Page:Aimard - Le Chercheur de pistes, 1860.djvu/151

Le texte de cette page a été corrigé et est conforme au fac-similé.

Le moine était livide, un tremblement nerveux agitait tous ses membres ; il lâcha la bride de la mule et suivit machinalement le squatter qui se rassit tranquillement à terre en lui faisant signe de l’imiter.

Le moine se laissa tomber sur le sol en étouffant un soupir et essuyant les gouttes d’une sueur froide qui perlaient à ses tempes.

— Eh ! eh ! reprit le squatter au bout d’un instant, c’était, il faut en convenir, un charmant cavalier que ce don Pedro de Tudela, un peu fou peut-être ; mais que voulez-vous ? il était jeune. Je me rappelle qu’à Albany, il y a longtemps de cela déjà, seize ou dix-sept ans à peu près, — comme on vieillit cependant ! — je l’ai connu chez un certain… attendez donc, le nom m’échappe, ne pourriez-vous pas m’aider à le retrouver, par hasard, Fray Ambrosio ?

— Je ne sais ce que vous voulez dire, murmura le moine d’une voix sourde.

Cet homme était dans un état à faire pitié, les veines de son front se gonflaient à se rompre ; il étouffait ; sa main droite tourmentait le manche de son poignard, il fixait sur le squatter un regard empreint d’une haine mortelle.

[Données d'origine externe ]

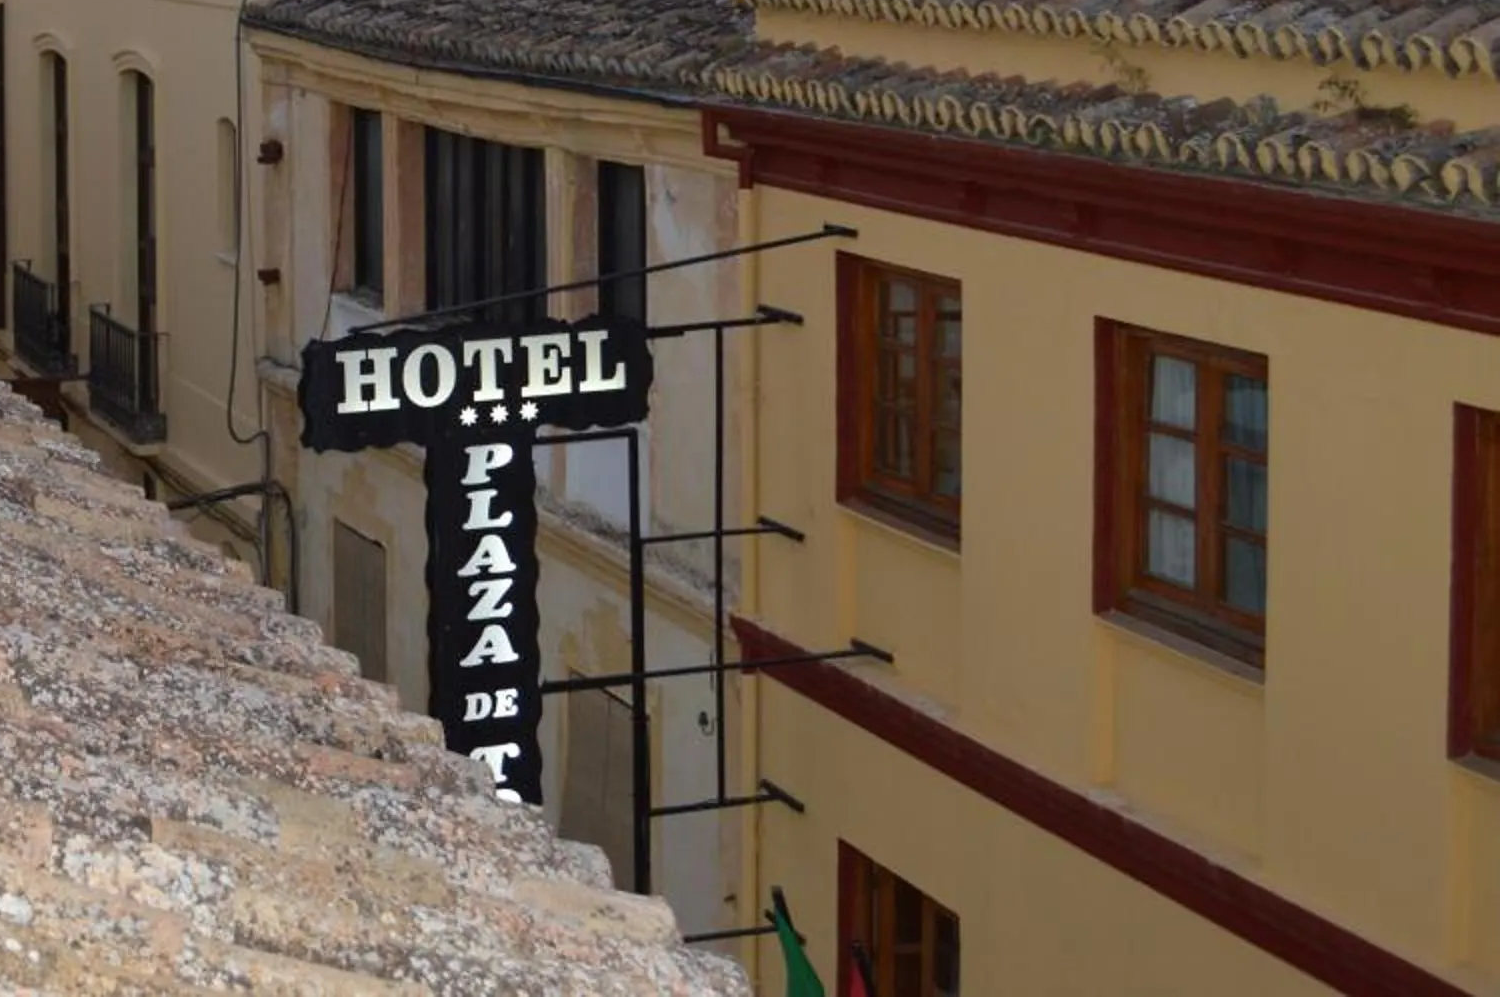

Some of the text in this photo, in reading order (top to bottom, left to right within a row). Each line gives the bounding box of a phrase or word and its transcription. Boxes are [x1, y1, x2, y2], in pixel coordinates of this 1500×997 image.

[336, 330, 626, 414] HOTEL
[457, 443, 519, 667] PLAZA
[463, 688, 520, 722] DE
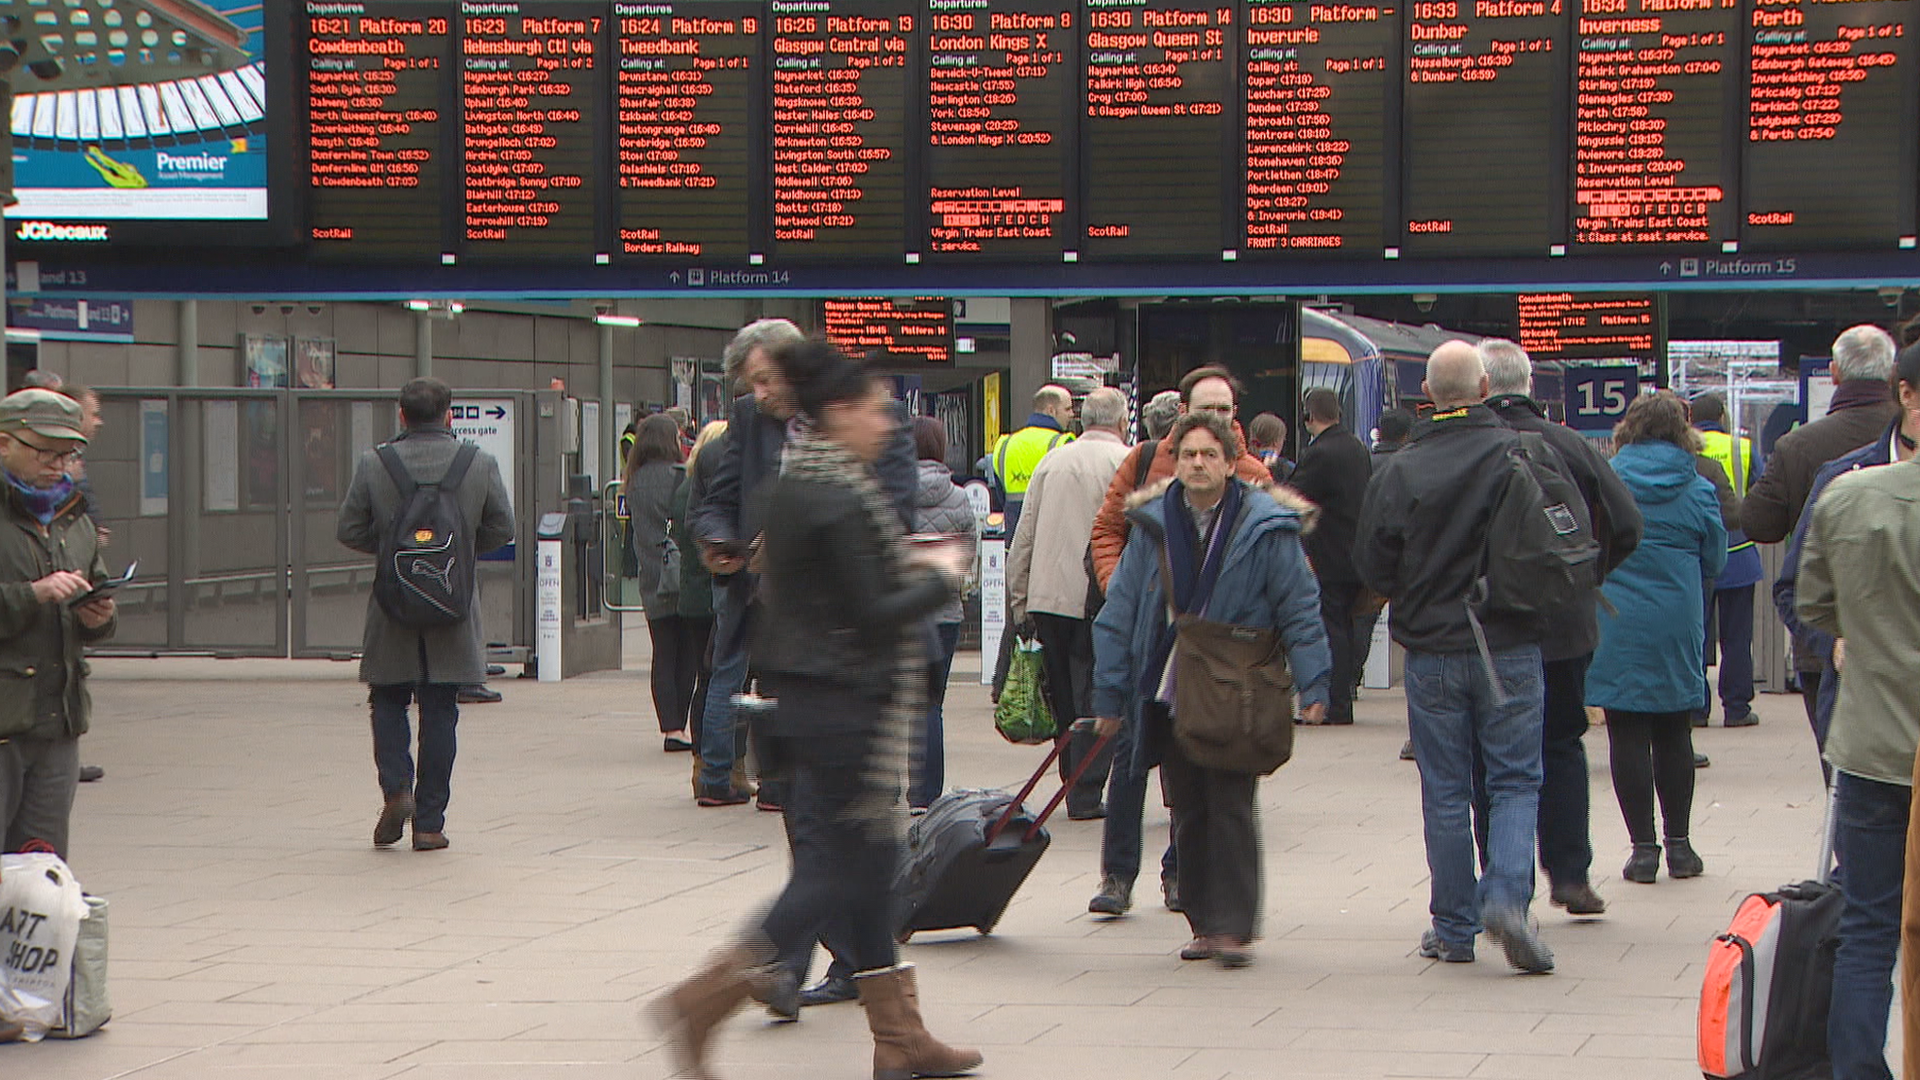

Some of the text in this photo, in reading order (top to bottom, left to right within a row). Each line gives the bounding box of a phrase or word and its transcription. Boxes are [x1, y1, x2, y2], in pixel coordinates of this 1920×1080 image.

[307, 3, 364, 13] Departures
[462, 2, 519, 14] Departures
[616, 4, 672, 15] Departures
[773, 1, 830, 12] Departures
[930, 0, 988, 10] Departures
[1415, 0, 1562, 19] 16:33 Platform 4
[933, 12, 1071, 30] 16:30 Platform 8
[1091, 9, 1232, 28] 16:30 Platform 14
[1251, 7, 1294, 24] 16:30
[1311, 5, 1379, 22] Platform
[1753, 9, 1804, 26] Perth
[312, 18, 447, 34] 16:21 Platform 20
[466, 18, 601, 34] 16:23 Platform 7
[621, 15, 758, 34] 16:24 Platform 19
[777, 16, 913, 33] 16:26 Platform 13
[1412, 23, 1468, 40] Dunbar
[1579, 17, 1662, 34] Inverness
[931, 33, 1047, 51] London Kings X
[1088, 29, 1223, 50] Glasgow Queen St
[1248, 28, 1321, 44] Inverurie
[309, 38, 405, 54] Cowdenbeath
[464, 39, 544, 56] Helensburgh
[572, 38, 594, 54] via
[620, 38, 699, 54] Tweedbank
[774, 36, 907, 55] Glasgow Central via
[466, 57, 593, 70] Calling at: Page 1 of 2
[621, 57, 748, 70] Calling at: Page 1 of 1
[1248, 58, 1385, 74] Calling at: Page 1 of 1
[1411, 54, 1476, 69] Musselburgh
[619, 69, 670, 82] Brunstane
[1579, 63, 1616, 77] Falkirk
[1619, 64, 1682, 75] Grahamston
[311, 111, 339, 120] North
[341, 111, 403, 123] Queensferry
[465, 111, 514, 123] Livingston
[516, 111, 545, 121] North
[931, 108, 954, 119] York
[1088, 106, 1096, 116] &
[1099, 105, 1140, 118] Glasgow
[1141, 105, 1171, 115] Queen
[1174, 104, 1187, 115] St
[1578, 121, 1628, 134] Pitlochry
[1750, 115, 1801, 128] Ladybank
[311, 123, 375, 136] Inverkeithing
[1750, 130, 1760, 141] &
[1762, 126, 1795, 140] Perth
[931, 135, 939, 145] &
[941, 132, 977, 145] London
[978, 134, 1003, 146] Kings
[1006, 134, 1014, 144] X
[1248, 143, 1313, 153] Laurencekirk
[157, 151, 228, 171] Premier
[775, 150, 826, 162] Livingston
[827, 149, 857, 160] South
[1247, 170, 1302, 181] Portlethen
[931, 187, 1020, 198] Reservation Level
[1748, 213, 1794, 224] ScotRail
[17, 221, 108, 240] JCDecaux
[931, 226, 1052, 240] Virgin Trains East Coast
[1089, 226, 1128, 237] ScotRail
[624, 242, 700, 253] Borders Railway
[1247, 236, 1342, 248] FRONT 3 CARRIAGES
[1705, 258, 1796, 274] Platform 15
[68, 270, 87, 284] 13
[710, 270, 789, 284] Platform 14
[1601, 314, 1638, 325] Platform
[901, 325, 934, 335] Platform
[905, 388, 919, 416] 14
[1576, 380, 1627, 416] 15
[451, 425, 498, 436] ccess gate
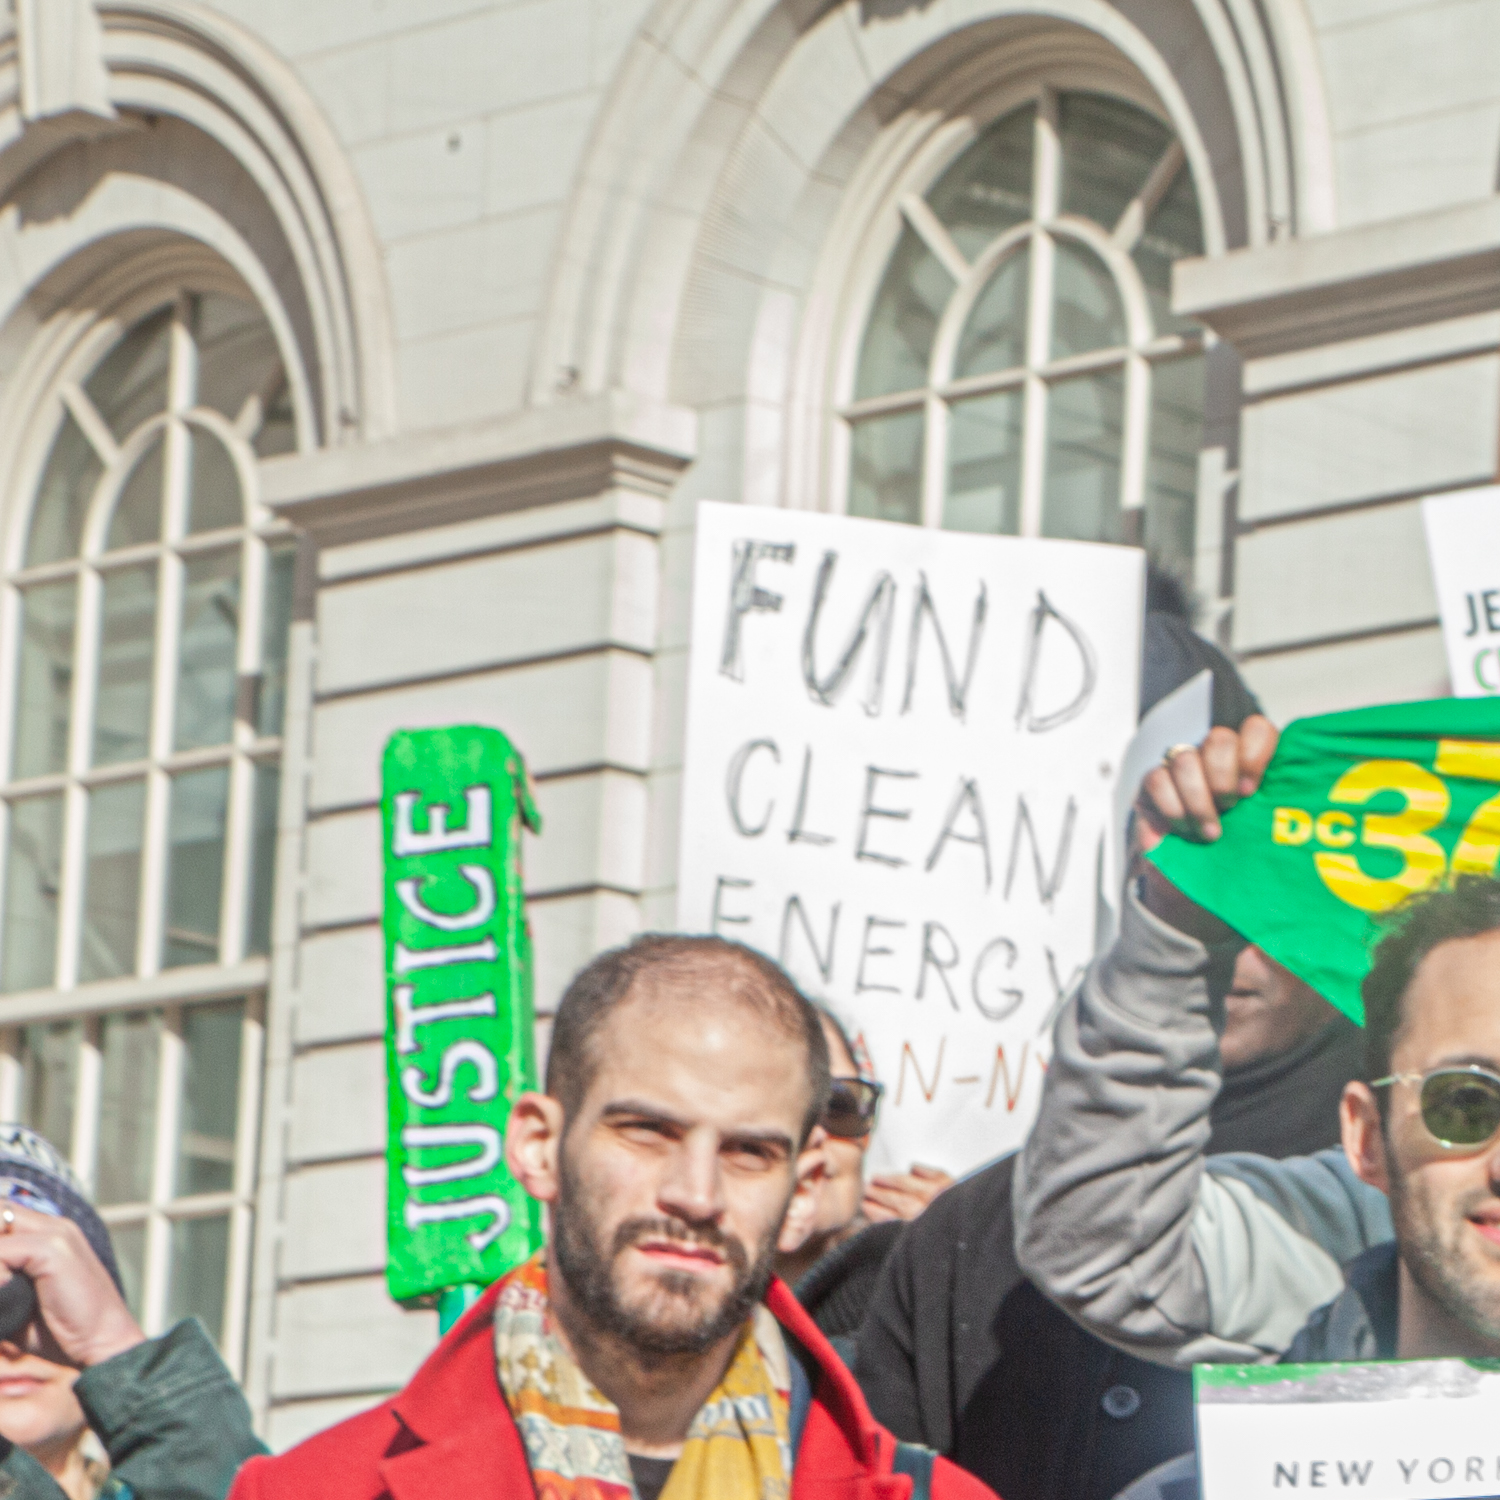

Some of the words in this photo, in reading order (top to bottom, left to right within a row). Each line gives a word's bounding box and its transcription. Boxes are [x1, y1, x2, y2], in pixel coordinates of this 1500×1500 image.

[718, 536, 1099, 734] FUND
[724, 735, 1078, 915] CLEAN
[1272, 806, 1357, 849] DC
[394, 783, 512, 1252] JUSTICE
[711, 873, 1086, 1038] ENERGY
[1273, 1460, 1374, 1489] NEW
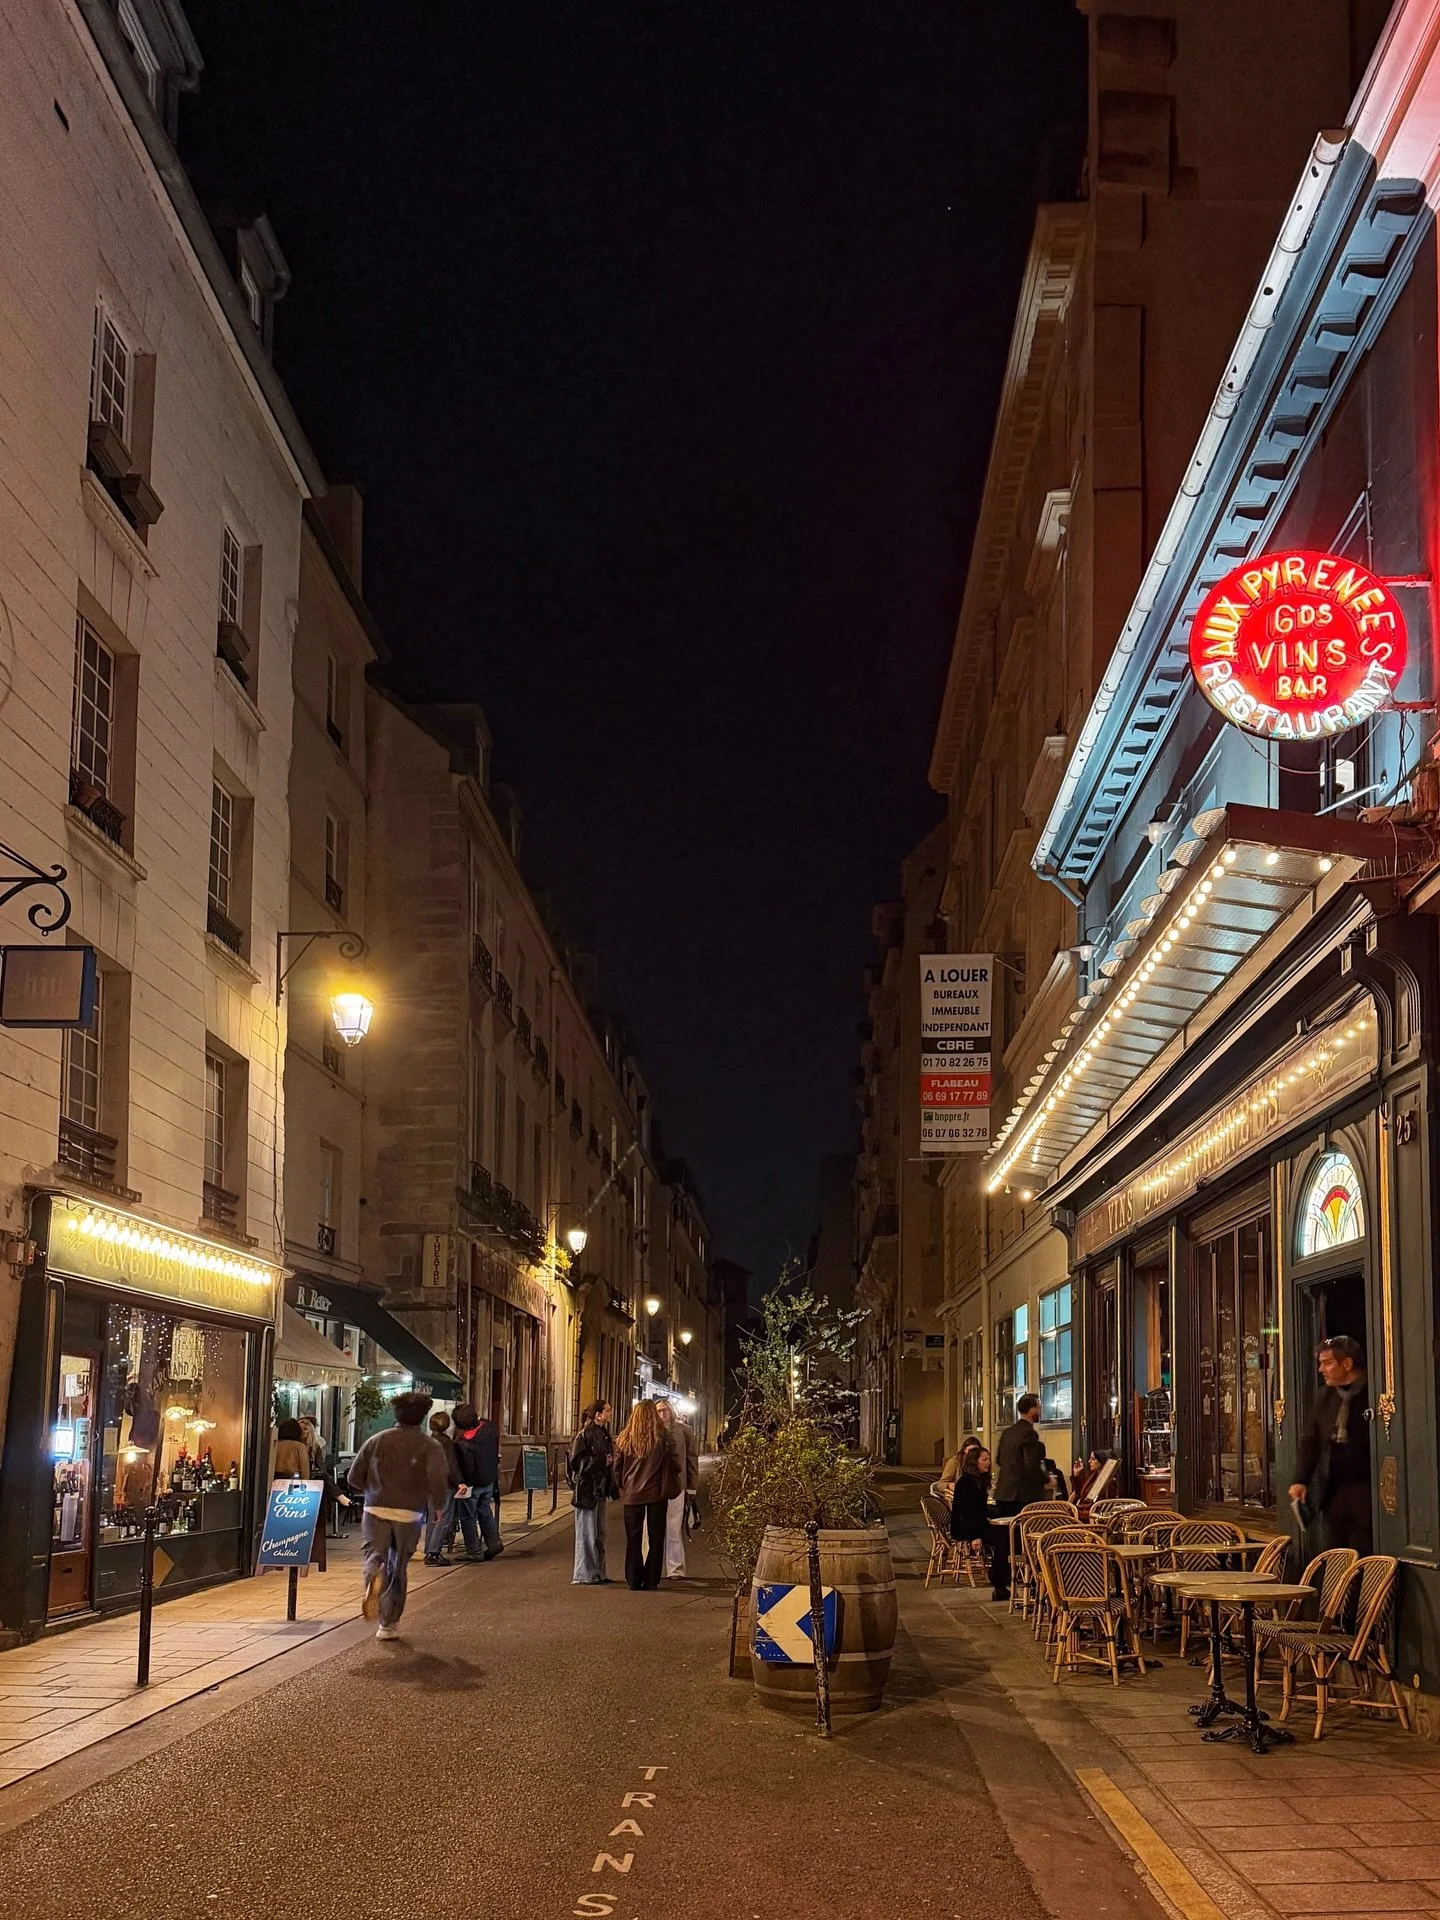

Celui-ci sembla ne rien voir.

— J’y suis, continua-t-il, cet homme se nommait Walter Brunnel ; c’était un bien digne gentleman.

— Démon ! s’écria le moine d’une voix étranglée, je ne sais qui t’a rendu maître de cet horrible secret ; mais tu vas mourir !

Et il se précipita sur lui, le poignard à la main.

Cèdre-Rouge connaissait Fray Ambrosio de longue date, il était sur ses gardes.